Supplied records →
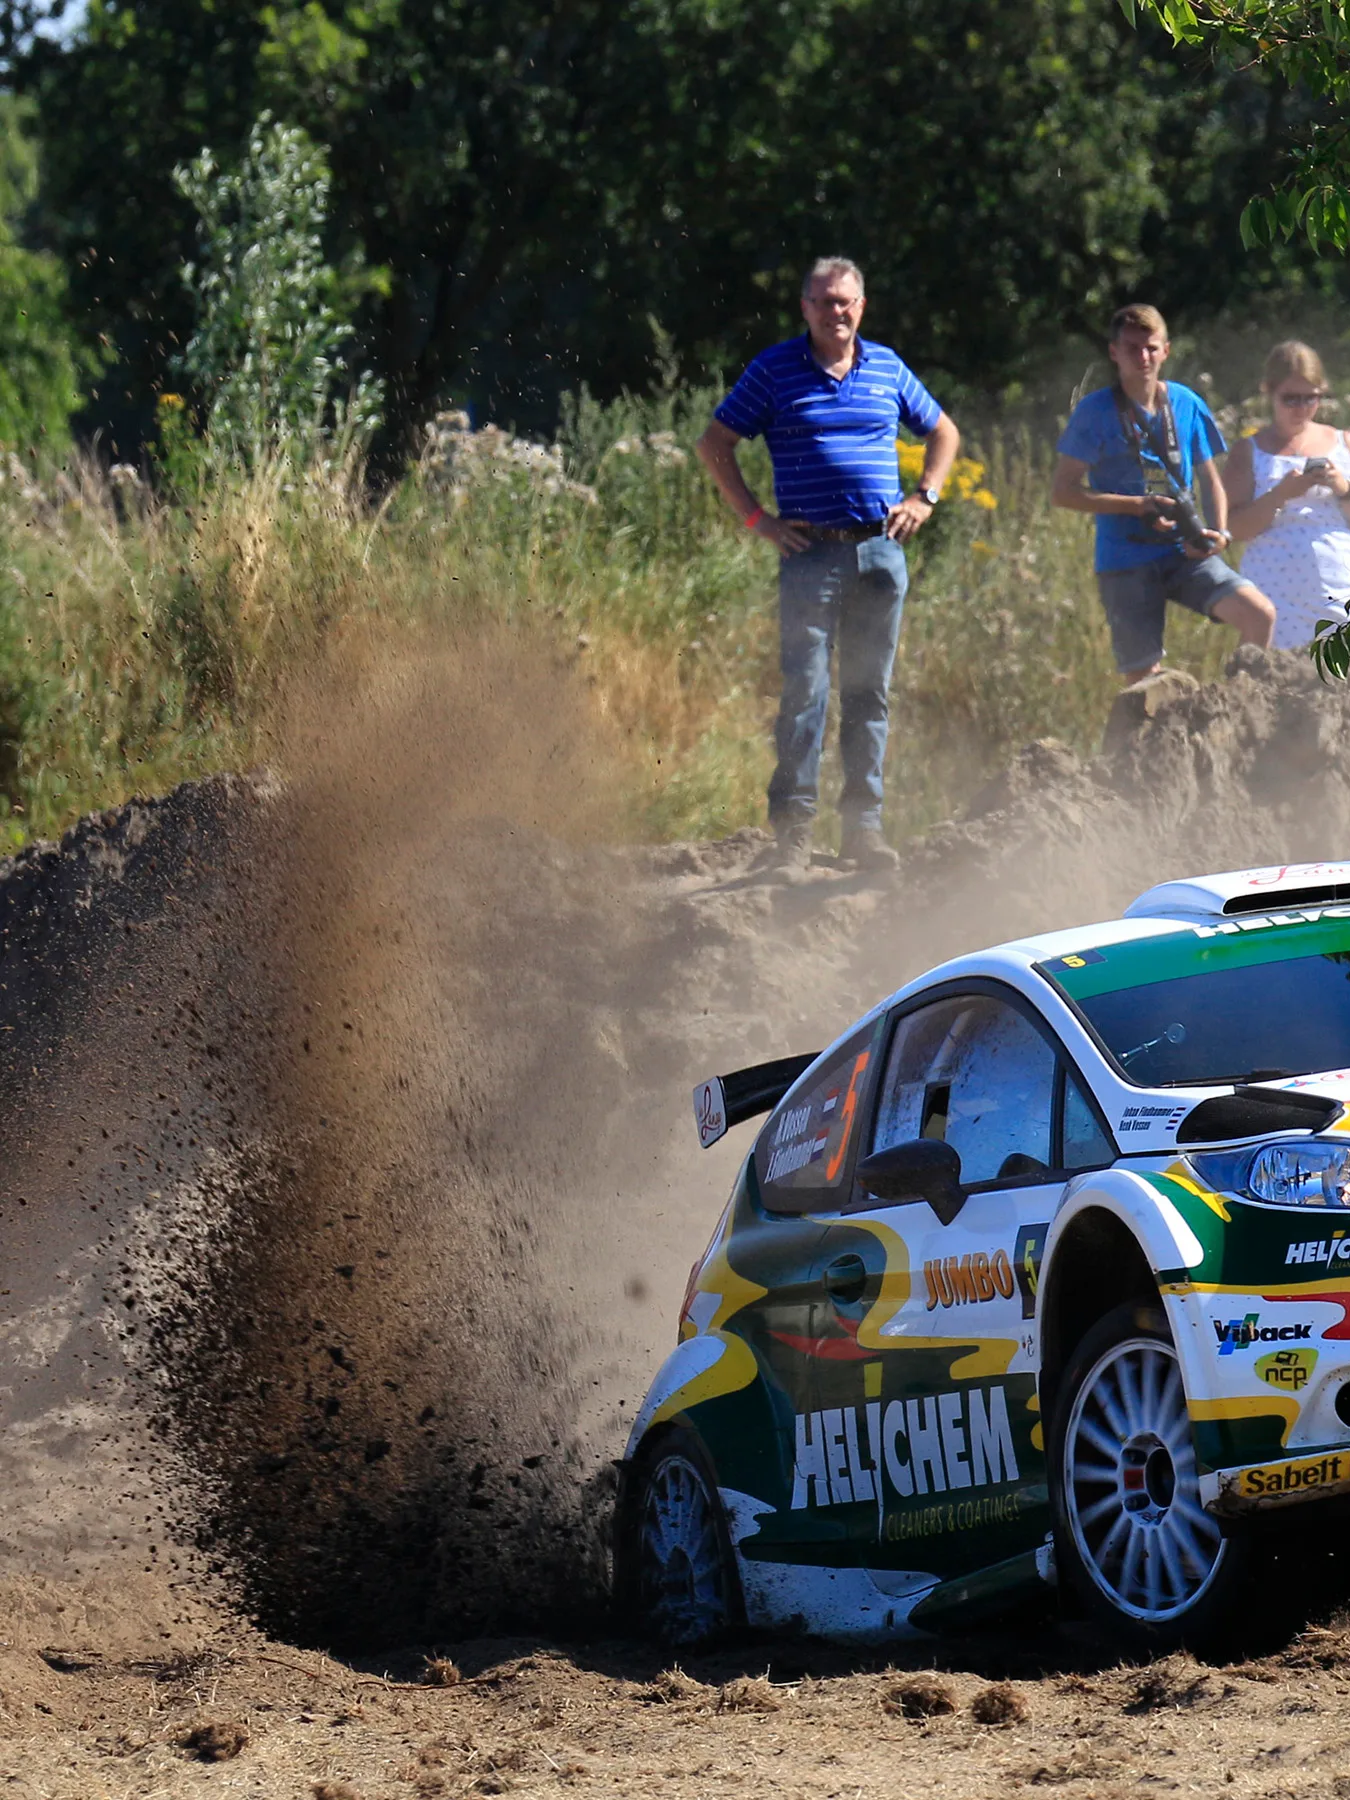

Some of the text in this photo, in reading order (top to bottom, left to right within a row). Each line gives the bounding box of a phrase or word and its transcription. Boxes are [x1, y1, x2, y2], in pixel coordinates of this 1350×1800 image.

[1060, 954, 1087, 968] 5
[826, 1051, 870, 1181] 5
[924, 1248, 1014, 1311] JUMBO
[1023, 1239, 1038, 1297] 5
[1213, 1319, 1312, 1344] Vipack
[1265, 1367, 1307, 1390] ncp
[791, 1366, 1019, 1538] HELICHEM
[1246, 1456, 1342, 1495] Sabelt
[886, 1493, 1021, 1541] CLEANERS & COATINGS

Directions for this task → Give back the data exactly. Pictures stay out.

Solution for this problem →
Some of the text in this photo, in reading order (top to bottom, left to right within a row). Each line gives the bounding box of a phrase or word and its transcription. Boxes are [x1, y1, x2, y2], in pixel coordinates of this 1350×1800 image.

[1060, 954, 1087, 968] 5
[826, 1051, 870, 1181] 5
[924, 1248, 1014, 1311] JUMBO
[1023, 1239, 1038, 1297] 5
[1213, 1319, 1312, 1344] Vipack
[1265, 1367, 1307, 1390] ncp
[791, 1366, 1019, 1538] HELICHEM
[1246, 1456, 1342, 1495] Sabelt
[886, 1493, 1021, 1541] CLEANERS & COATINGS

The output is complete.